Nope, now you're the dishwasher. At least in my experience; if you do something that other people don't want to do, you're now the "that thing" guy for life.
> doesn't consider himself too high to do the grunt work too
go read 'Up the Organization' by Robert Towsend (written many years ago when he was the CEO of Avis Rent-a-car). Everyone at Avis (janitor, receptionist, CEO, all the way down the line) was required to work 1 or 2 days a year at the counter, renting cars. Helped everyone what business they were in, and why they had a job.
No, it sucks because banks will not pay for software for their tellers. You've never been a teller, but you know it sucks. So do the banks. But they don't care, because there is no money to be made in improving it.
(Wait until they realize that there is no money in etrading either. Then there will be a lot of people on the market that know how to micro-optimize memory allocators. But I digress...)
I had literally the same experience a few years ago. I was working at a fine dining restaurant, the dishwasher called out, so the chef happily did both dish and grill. Turned out he was the best dishwasher there. Since then, I've noticed that one invariably cooks as well as they clean.

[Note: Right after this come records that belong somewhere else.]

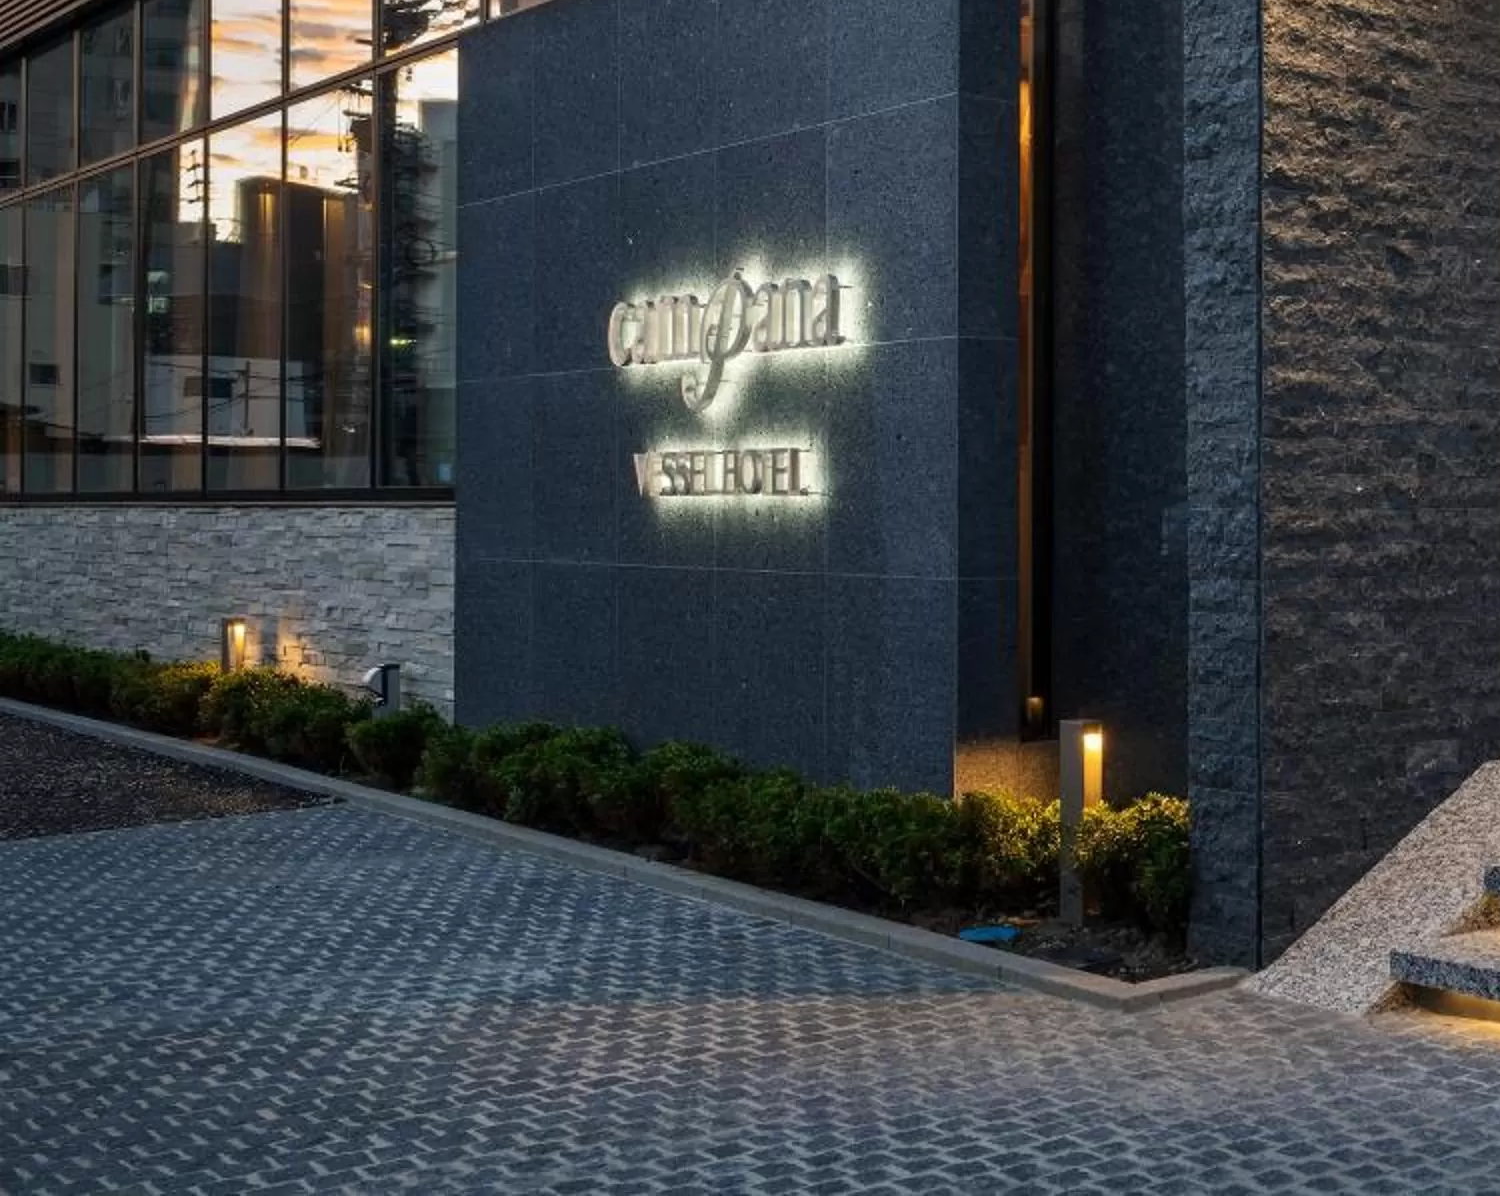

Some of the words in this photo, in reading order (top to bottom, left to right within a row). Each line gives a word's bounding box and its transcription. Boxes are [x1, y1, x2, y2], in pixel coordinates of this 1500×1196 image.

[607, 269, 847, 412] campana
[633, 449, 722, 497] VESSEL
[723, 447, 809, 497] HOTEL
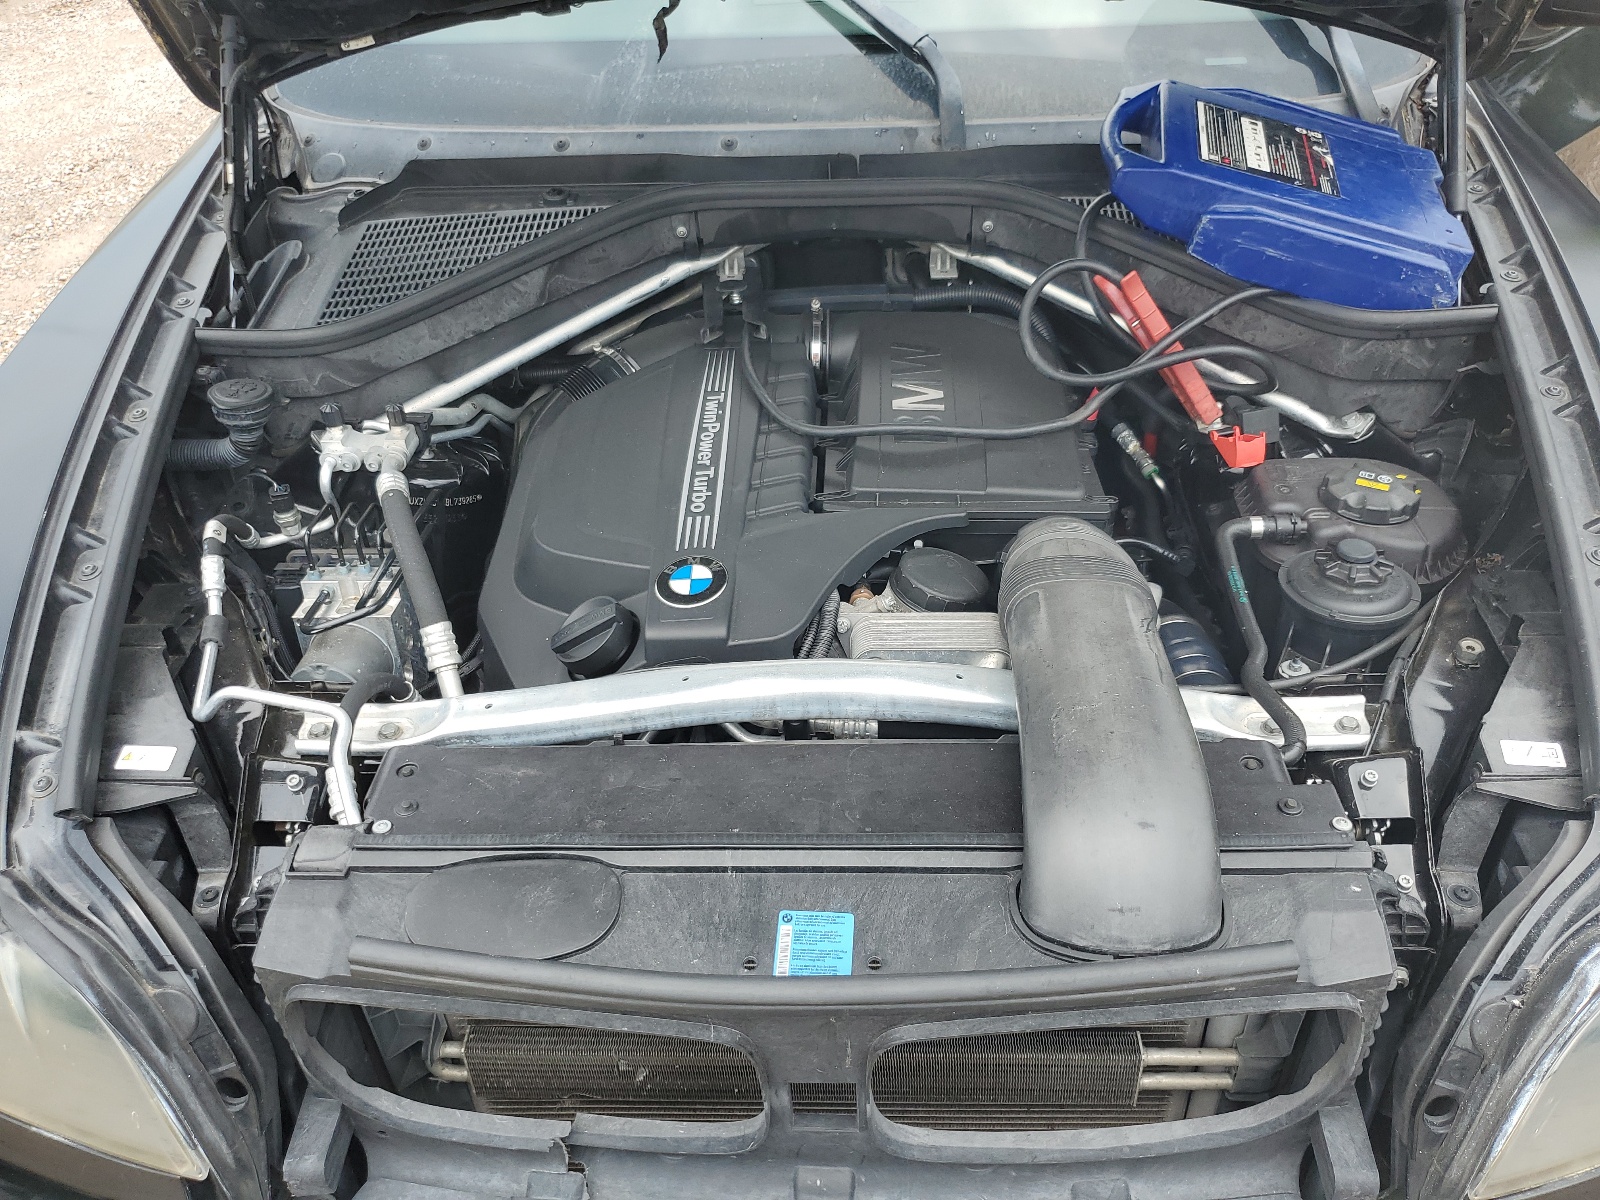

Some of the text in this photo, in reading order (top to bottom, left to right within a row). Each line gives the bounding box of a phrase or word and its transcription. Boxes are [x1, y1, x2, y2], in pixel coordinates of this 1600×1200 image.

[690, 392, 724, 513] TwinPower Turbo
[663, 557, 723, 575] BMW

That is a very odd assertion... if you're a good chef, and have "come up through the ranks", you've probably had to clean up after yourself... but I don't think that means that you can take the dishwasher and make him the head chef. Unless you're watching Ratatouille.
It's interesting to me to see this comment getting up-voted (has 12 points as I'm writing this). It gives me a new perspective on what could a seemingly inconsiderate person be thinking of.
What's funny is I actually find this attitude to be why people specifically avoid doing those little things to begin with, and why all those "dishes" pile up.
> if you do something that other people don't want to do, you're now the "that thing" guy for life.
There are ways to manage your career to avoid this. My favorite is to be quite up-front about it: tell my manager that I'll take on the urgent/bugfix team role for a couple of months because it's in terrible shape, but that I really don't want to be there any longer, and I want to train my successor around the time it starts functioning well again.